It is Saturday morning, 0500 EDT. I am tuned to 3885 kHz, listening to the Old Military Radio Net. It is on 3885 kHz. Why this frequency?
Wikipedia: https://en.wikipedia.org/wiki/SCR-536
Gemini explains:
The frequency 3885 kHz is inextricably tied to one of the most iconic military radios of World War II: the BC-611 Handie-Talkie (part of the SCR-536 radio set).
Manufactured by Galvin Manufacturing Corporation (which later became Motorola), the BC-611 was the world’s first ubiquitous handheld, two-way AM transceiver. It was the "walkie-talkie" you see clamped to the ears of infantrymen in every classic WWII movie.
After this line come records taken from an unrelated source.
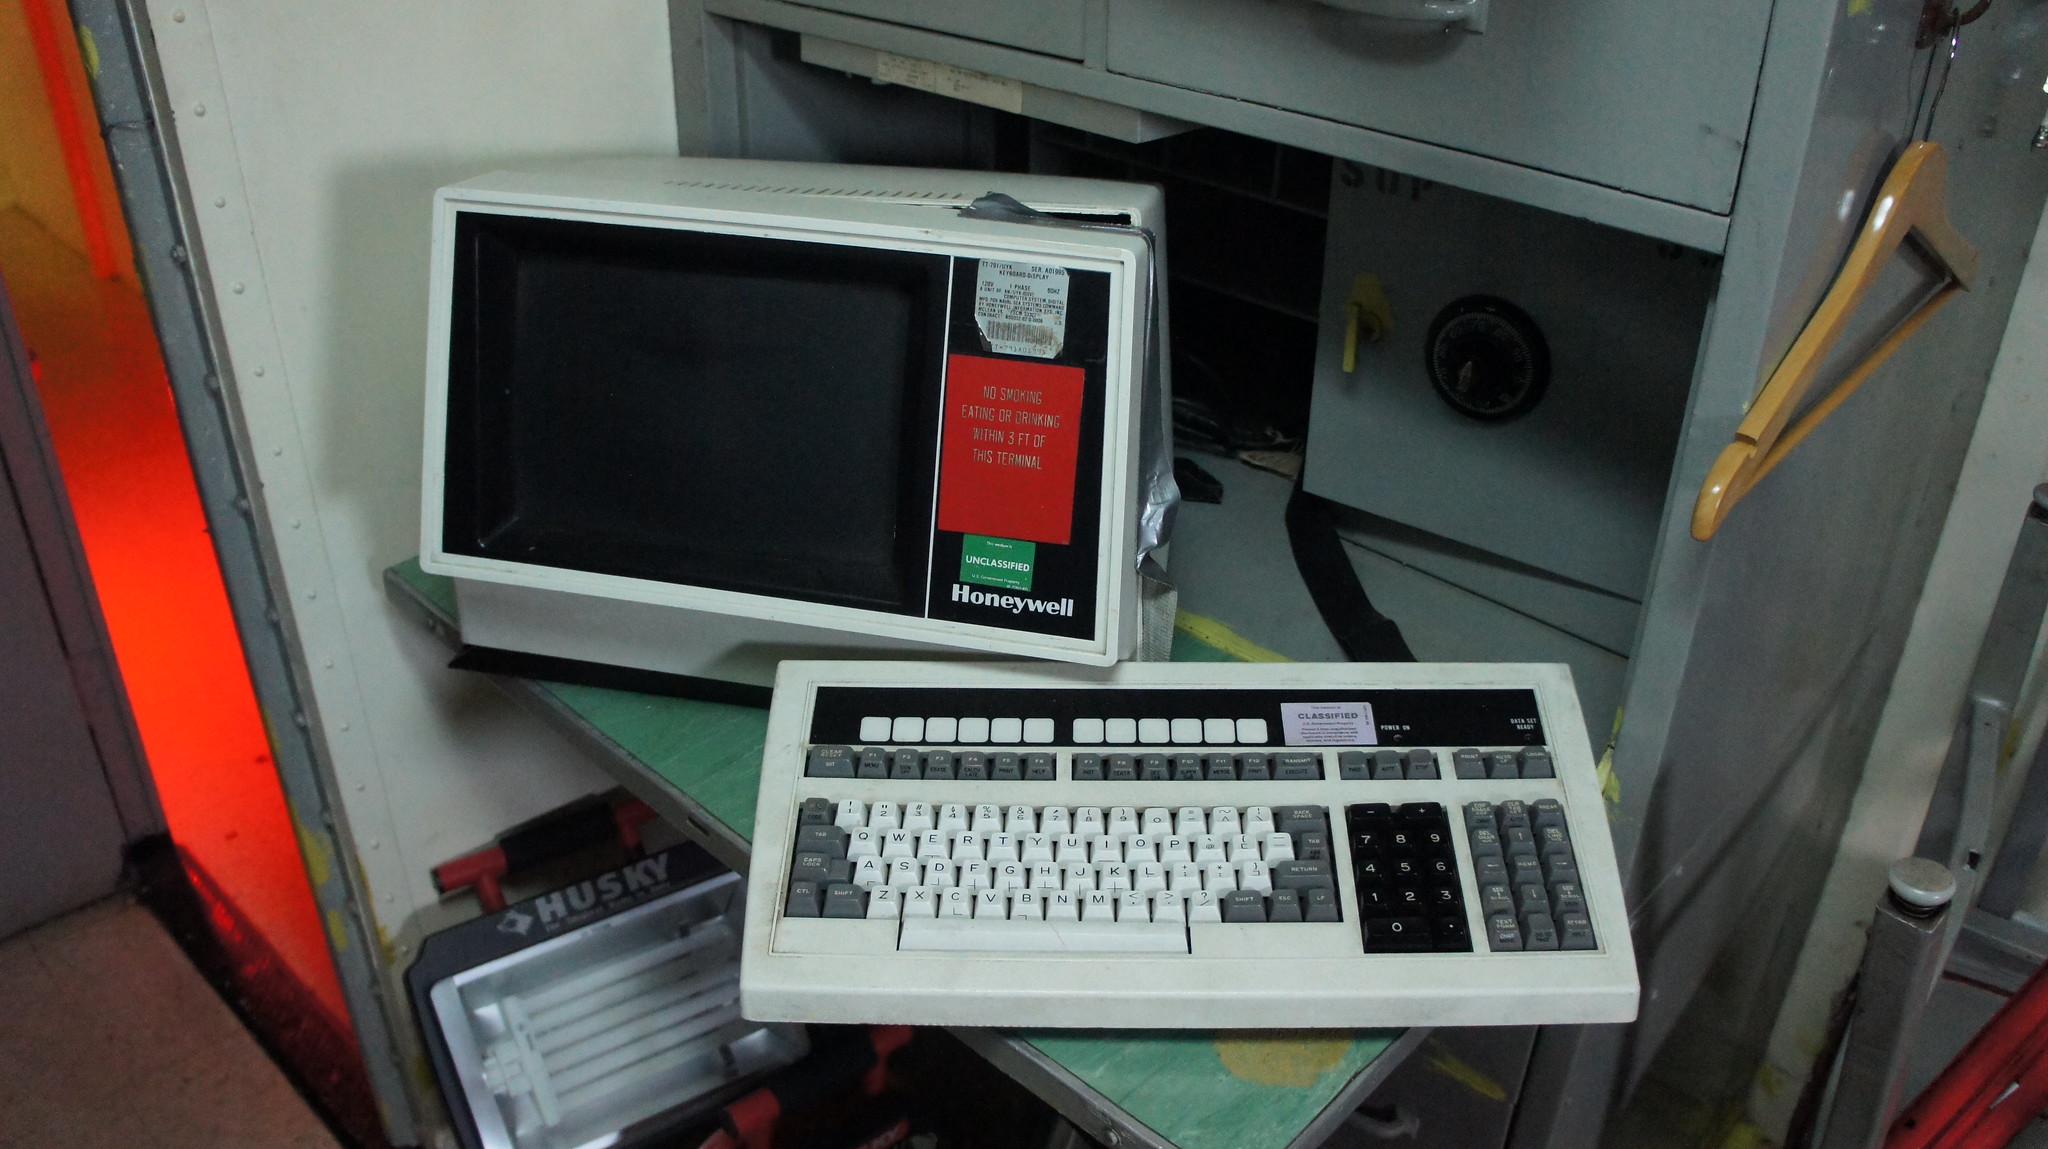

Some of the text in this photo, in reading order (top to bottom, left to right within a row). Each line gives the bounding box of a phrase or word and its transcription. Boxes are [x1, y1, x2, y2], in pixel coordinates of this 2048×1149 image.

[984, 386, 1043, 404] NO SMOKING
[962, 405, 1060, 428] EATING OR DRINKING
[973, 428, 1046, 448] WITHIN 3 FT OF
[973, 449, 1042, 470] THIS TERMINAL
[966, 555, 1030, 572] UNCLASSIFIED
[952, 584, 1074, 617] Honeywell
[859, 832, 868, 841] Q
[892, 833, 905, 842] W
[929, 834, 937, 843] E
[1033, 837, 1042, 846] Y
[1136, 839, 1145, 847] O
[1170, 840, 1179, 848] P
[1361, 834, 1440, 844] 7 8 9
[900, 862, 909, 870] S
[935, 863, 944, 872] D
[1076, 868, 1085, 876] J
[1365, 862, 1446, 873] 4 5 6
[535, 852, 669, 923] HUSKY
[879, 891, 888, 899] Z
[915, 891, 924, 899] X
[951, 892, 960, 901] C
[986, 894, 996, 902] V
[1022, 894, 1031, 902] B
[1371, 890, 1451, 902] 1 2 3
[1392, 922, 1402, 932] 0
The technical marriage between this specific radio and 3885 kHz came down to how the military deployed them and what happened immediately after the war:
1. The Channels Were Commandeered
The BC-611 could operate anywhere from 3.5 to 6.0 MHz by swapping out internal plug-in coils and quartz crystals. Because the U.S. government temporarily shut down all civilian amateur radio operations "for the duration" of WWII, the military freely assigned tactical frequencies right inside what used to be the ham bands.
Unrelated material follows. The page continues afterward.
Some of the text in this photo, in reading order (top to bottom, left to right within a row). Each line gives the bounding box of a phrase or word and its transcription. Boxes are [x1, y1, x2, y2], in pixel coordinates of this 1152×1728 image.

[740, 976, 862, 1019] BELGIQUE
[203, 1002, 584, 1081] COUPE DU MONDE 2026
For company and platoon-level communications, 3885 kHz became a standard assigned military channel.
2. The Great Surplus Avalanche
When WWII ended, the military had hundreds of thousands of BC-611 units, along with mountains of spare FT-243 crystal units, sitting in warehouses. The government liquidated them to the civilian market for pennies on the dollar.
Hams returning from the war snapped them up. Because these units were strictly crystal-controlled (you couldn't just spin a dial to change frequency), you were locked onto whatever crystal was inside.
3. A Lasting Living Tradition
Even though a BC-611 only pushed out a fraction of a watt of AM power (using a tube filament battery and a 108-volt B+ battery), hams quickly realized that if they gathered on 3885 kHz, they could hear each other locally.
That specific frequency choice was entirely forged in the surplus markets of 1945 and 1946. Eighty years later, the tradition is so deeply ingrained that military radio collectors and vintage AM operators still hold a massive, synchronized check-in on 3885 kHz every year during the Dayton Hamvention weekend.